Sobre el plasma de enfermos recuperados, dijo que “tiene un gran inconveniente, porque no tiene volumen; porque al ser donantes y tener un procedimiento, la escala ante la gran cantidad de enfermos no podría ser cubierta por plasma. Hay algunas otras alternativas –agregó– que son parecidas al tratamiento de plasma como el suero equino, que tienen una capacidad de producción que alcanzaría para una magnitud distinta en cuanto a cobertura. Lo mismo la ivermectina, que es un antiparasitario, que también se está probando”

“Todo esto es buena noticia, pero la mejor noticia es que nos cuidemos –destacó el ministro–, que sigamos respetando a los que se cuidan, porque el que no se cuida no solo va contra el terapista o el enfermero, va en contra del que cumple con todo. La mejor forma de salir es seguir haciéndolo juntos como lo hicimos desde el primer día”.
Respecto del impacto de la pandemia en la Argentina, señaló que “si bien tenemos muchísimos casos, también es cierto que tenemos la menor cantidad de consecuencias fatales; una tasa de letalidad baja, que está entre las tres menos malas de las que hay en América.”

En ese sentido, agregó: “Nadie valora lo que no sucedió. Yo creo que el enorme esfuerzo, hace que no solo no tengamos demasiado impacto en muertes, sino que no tengamos esas imágenes horrorosas que hemos visto en otros países de gente sin atención o tener que elegir quién sí y quién no”.

Respecto de su apreciación personal de la pandemia, el ministro dijo estar “más fuerte que nunca.
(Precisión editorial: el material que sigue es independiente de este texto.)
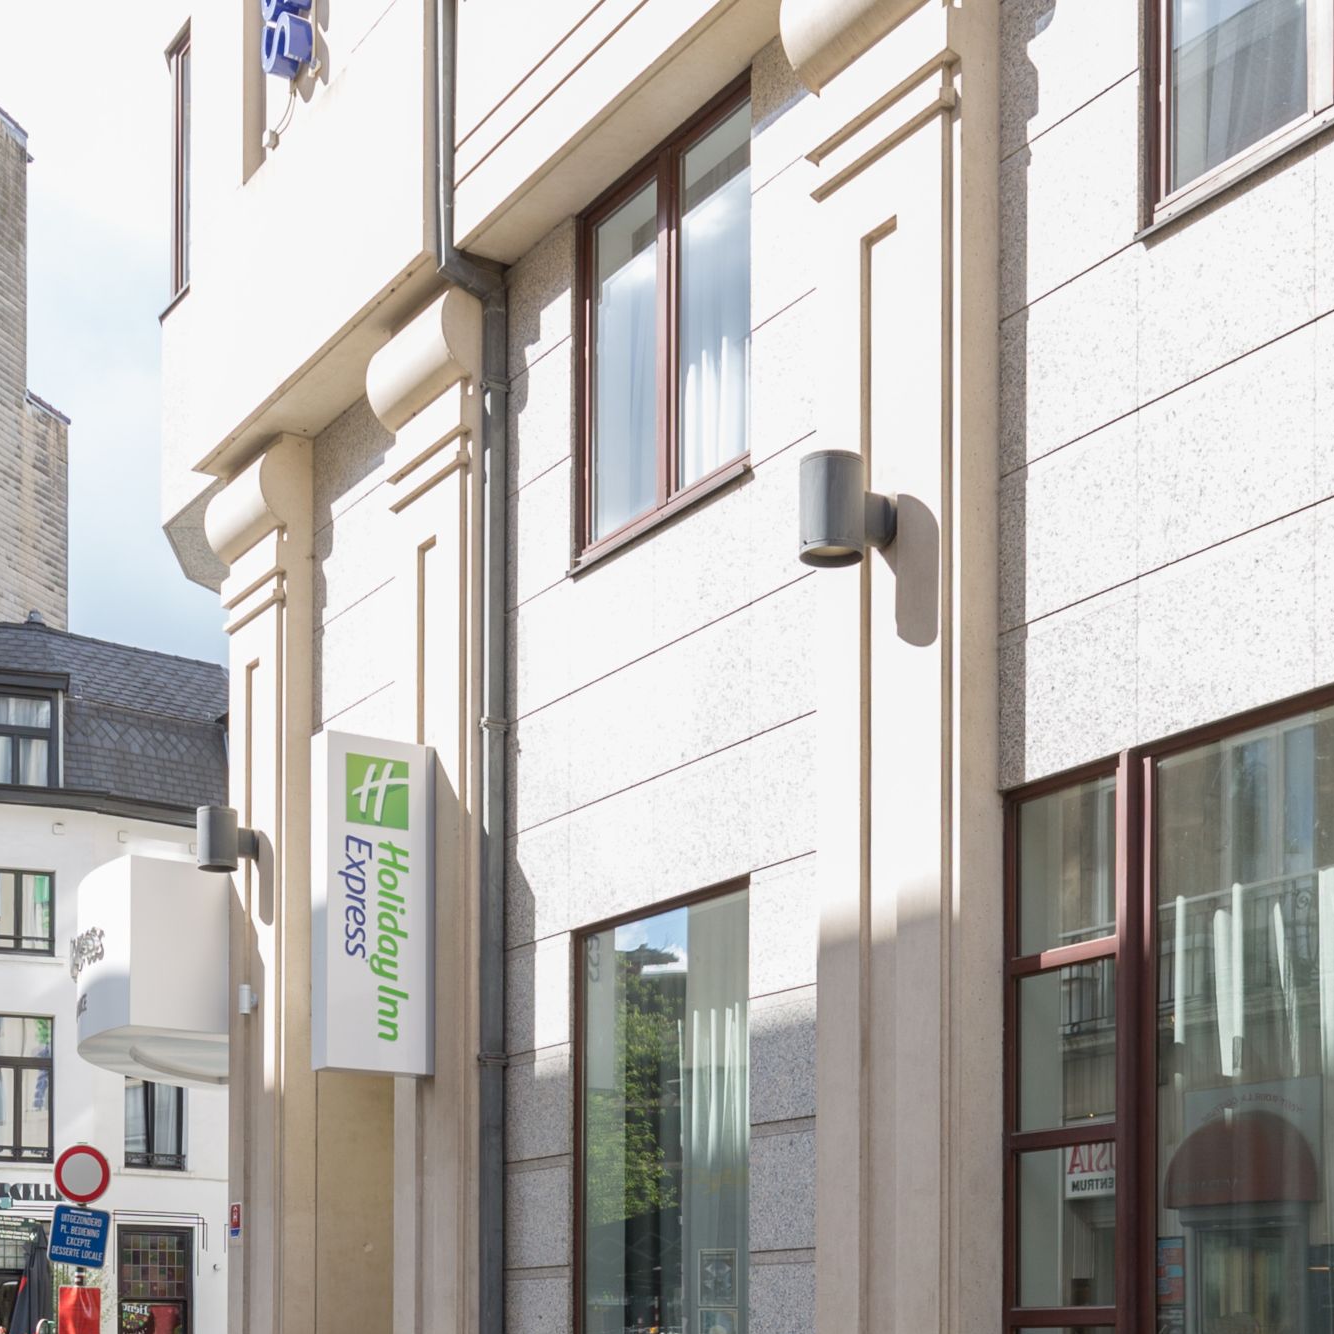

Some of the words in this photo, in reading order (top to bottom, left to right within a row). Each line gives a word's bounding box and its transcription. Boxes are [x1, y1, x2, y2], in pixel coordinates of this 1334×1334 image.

[338, 835, 372, 959] Express
[370, 841, 409, 981] Holiday
[378, 985, 409, 1042] Inn
[61, 1213, 103, 1228] UITGEZONDERD
[60, 1224, 70, 1234] PL.
[70, 1226, 100, 1239] BEDIENING
[66, 1236, 91, 1248] EXCEPTE
[51, 1245, 80, 1258] DESSERTE
[81, 1249, 103, 1261] LOCALE
Yo sabía que iba a ser duro, porque no es comparable con ninguna otra que haya pasado en los últimos cien años, por magnitud, por extensión, por impacto, porque no se encuentra ningún medicamento después de tanto tiempo, porque las vacunas van rápido, pero demoran mucho más de lo que creíamos”.
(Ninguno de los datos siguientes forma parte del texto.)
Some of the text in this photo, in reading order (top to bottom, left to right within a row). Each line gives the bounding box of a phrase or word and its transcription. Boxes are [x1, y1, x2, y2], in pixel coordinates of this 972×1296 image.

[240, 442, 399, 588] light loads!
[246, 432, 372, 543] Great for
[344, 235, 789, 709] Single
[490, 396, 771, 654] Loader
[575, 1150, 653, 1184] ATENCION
Sin embargo, reconoció que “es muy difícil desde todo punto de vista, sostener una posición después de tanto tiempo, pero he trabajado toda mi vida en esto, puedo volcar esa experiencia y es lo que trato haciendo todos los días; me sentiría peor si estuviera afuera”, aseguró y completó: “Necesitamos salir y con la menor cantidad de consecuencias posibles para el pueblo argentino”.

El programa  tuvo además el saludo de la secretaria de Acceso a la Saludo de la Nación, Carla Vizotti, el doctor Pedro Cahn, la titular del PAMI, Luana Volnovich, entre otros testimonios de profesionales de la salud.